Cyde & Co senior associate Wynne Lawrence is a force to be reckoned with. Not only is she an experienced martial arts practitioner, she is also a lawyer working at the cutting edge of arguably the most pressing issue facing the world today: climate change.
“A few years ago climate change practices within law were undoubtedly more niche,” says Lawrence, who has just been awarded a black belt in Aikido. “But now, the recognition that climate change is a business risk means that climate change law and practice now expand beyond environmental law and regulation – they touch on areas like financial services, asset finance, pensions, tax, trade, to name just a few. This means that if you’re an undergraduate who wants to pursue a career in the law at the same time as helping to make a difference to climate change, there are all kinds of opportunities. Climate change isn’t a problem that’s going away any time soon.”
Canada-born Lawrence had long been concerned about climate change, but it was after a speech in 2015 by Mark Carney, the governor of the Bank of England, that she decided to focus her legal practice on the myriad of issues that are a consequence of global warming.
“Carney’s speech was to the insurance market Lloyd’s of London, and one of the key things he highlighted was the severe threat posed by climate change to the financial sector. With this in mind, I became a founding member of Clyde & Co’s Climate Change Risk practice. We began to build our knowledge around the potential issues, particularity in the insurance sector, which for years has been one of firm’s biggest strengths.”
Since then, Clyde & Co’s cross-practice climate risk and resilience group, headed up by partner Nigel Brook, has grown exponentially. As Lawrence puts it: “It’s not just environmental law. The work we do spans sectors including insurance & reinsurance, shipping, aviation, tech, energy & natural resources, global trade and litigation. It’s very hard to think of an area of life that isn’t potentially affected by climate change risks.”
Lawrence first became passionate about climate change during her BA in International Relations at the University of Toronto. “Climate change was part of my BA, and my studies then stood me in good stead,” she says. “There was a lot of focus on the intersection of law and politics.”
Graduating from Toronto in 2006, Lawrence relocated to London to complete a Masters. Then came her Graduate Diploma in Law which was sponsored by Clyde & Co. She was attracted to the firm because of its strong international presence, and since joining as a trainee in 2012, Lawrence, who speaks French and Spanish, has worked in the firm’s offices in Toronto, Johannesburg, Cape Town, Guildford and Hong Kong.

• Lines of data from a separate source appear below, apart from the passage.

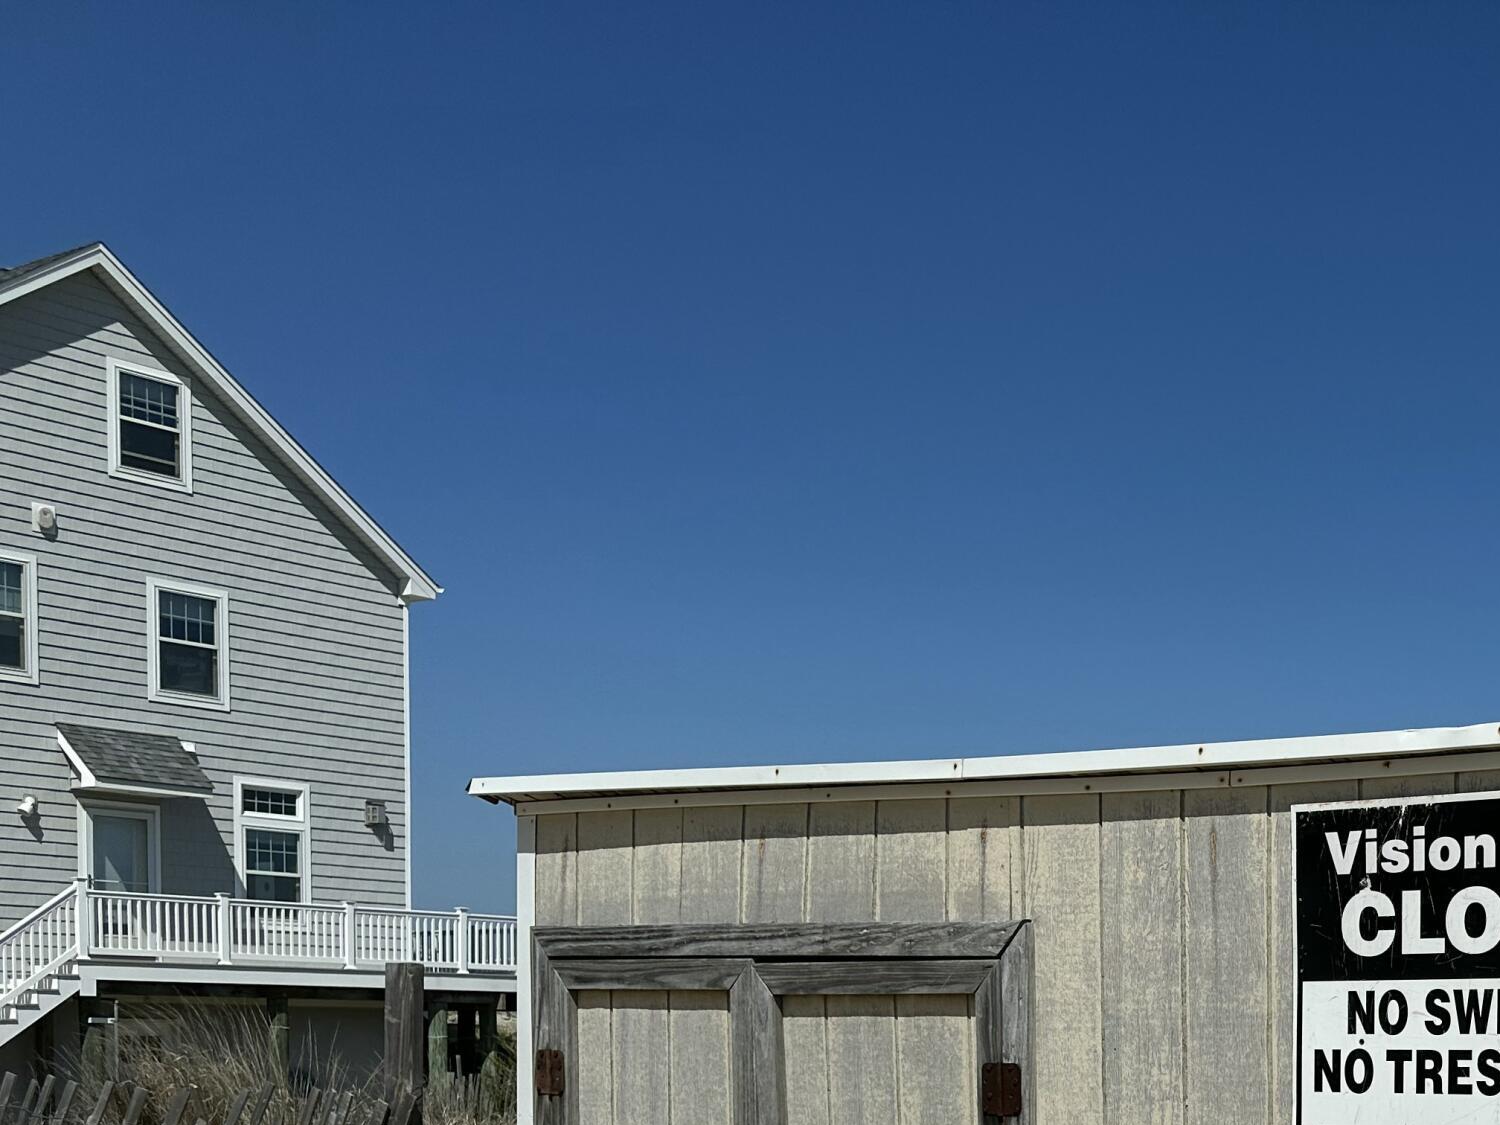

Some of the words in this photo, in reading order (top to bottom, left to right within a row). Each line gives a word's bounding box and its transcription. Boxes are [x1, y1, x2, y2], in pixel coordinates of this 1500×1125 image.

[1324, 825, 1496, 875] Vision
[1347, 989, 1408, 1036] NO
[1314, 1048, 1374, 1094] NO
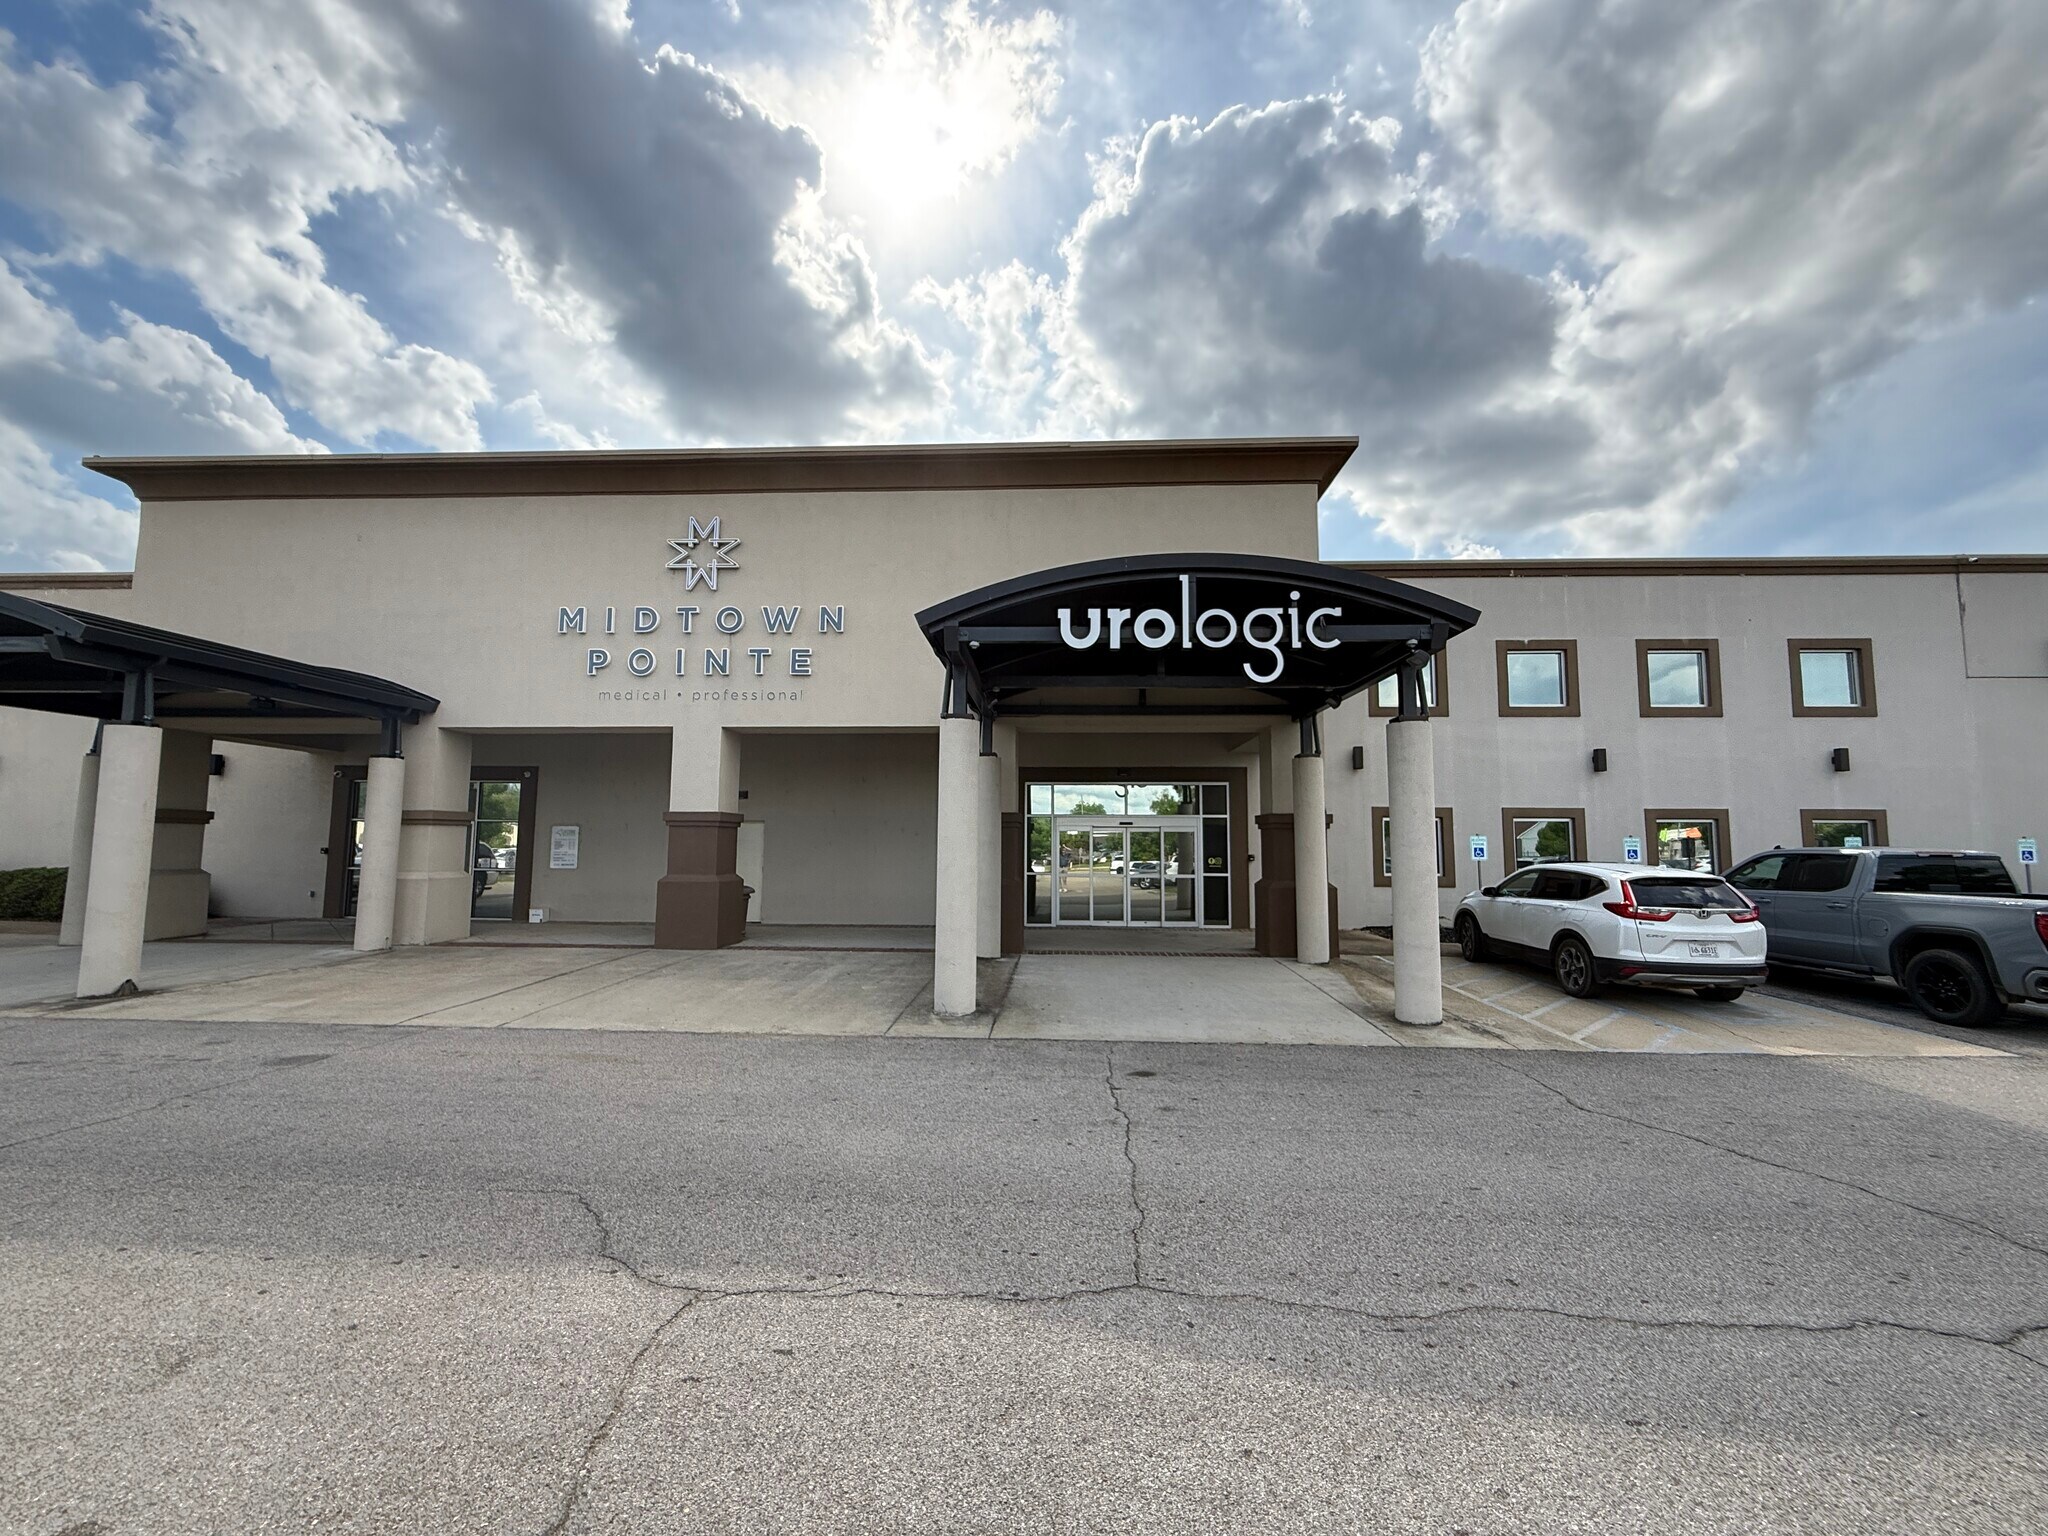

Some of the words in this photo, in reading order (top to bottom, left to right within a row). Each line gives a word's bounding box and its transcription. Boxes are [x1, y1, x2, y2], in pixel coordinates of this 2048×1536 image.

[557, 605, 845, 634] MIDTOWN
[1057, 574, 1343, 684] urologic
[586, 647, 813, 677] POINTE
[598, 688, 667, 701] medical
[691, 688, 804, 702] professional

With even the likes of former Top Gear presenter and professional petrol-head Jeremy Clarkson now accepting that climate change is, as Lawrence puts it, “a clear and present danger”, Lawrence agrees that the argument has largely been won. “There’s now a pervasive, general recognition in the business community that climate change exists, and amounts to a business risk,” she says. But, she cautions, “there are still big challenges that require big solutions. Climate change necessitates dynamic and creative thinking to meet the goals of the Paris Agreement, to limit the increase in global average temperature to 1.5 °C above pre-industrial levels.”
Lawrence and Clyde & Co are certainly playing their part, even if there is resistance in some quarters to taking action to address those challenges. A glance at a recent Clyde & Co report, Climate change: Liability risks, a rising tide of litigation, further bolsters those who feel that climate change is undeniable: it reveals that more than 1,200 climate change cases have been filed in more than 30 jurisdictions to date. The first wave of legal action, says Lawrence, is targeted mainly at governments and municipalities over their alleged failure to comply with their international environmental commitments.
The upturn in litigation is also partly in response to the way the courts, particularly in the US, are now looking at environmental issues as a legal problem as opposed to a political one, according to Lawrence. “This, coupled with a greater understanding of climate risk through advancements in science, has seen more and more cases come before the courts,” she explains.
Lawrence is integrally involved in Clyde & Co’s Resilience initiative, a mine of information and advice on risk management and regulatory issues caused by climate change. There’s a powerful argument for its papers, which range from a report on threats and challenges at Australia’s Great Barrier Reef to those focusing on climate-related financial disclosure and parametric solutions for wildfire risks, being required reading for everyone interested in climate change.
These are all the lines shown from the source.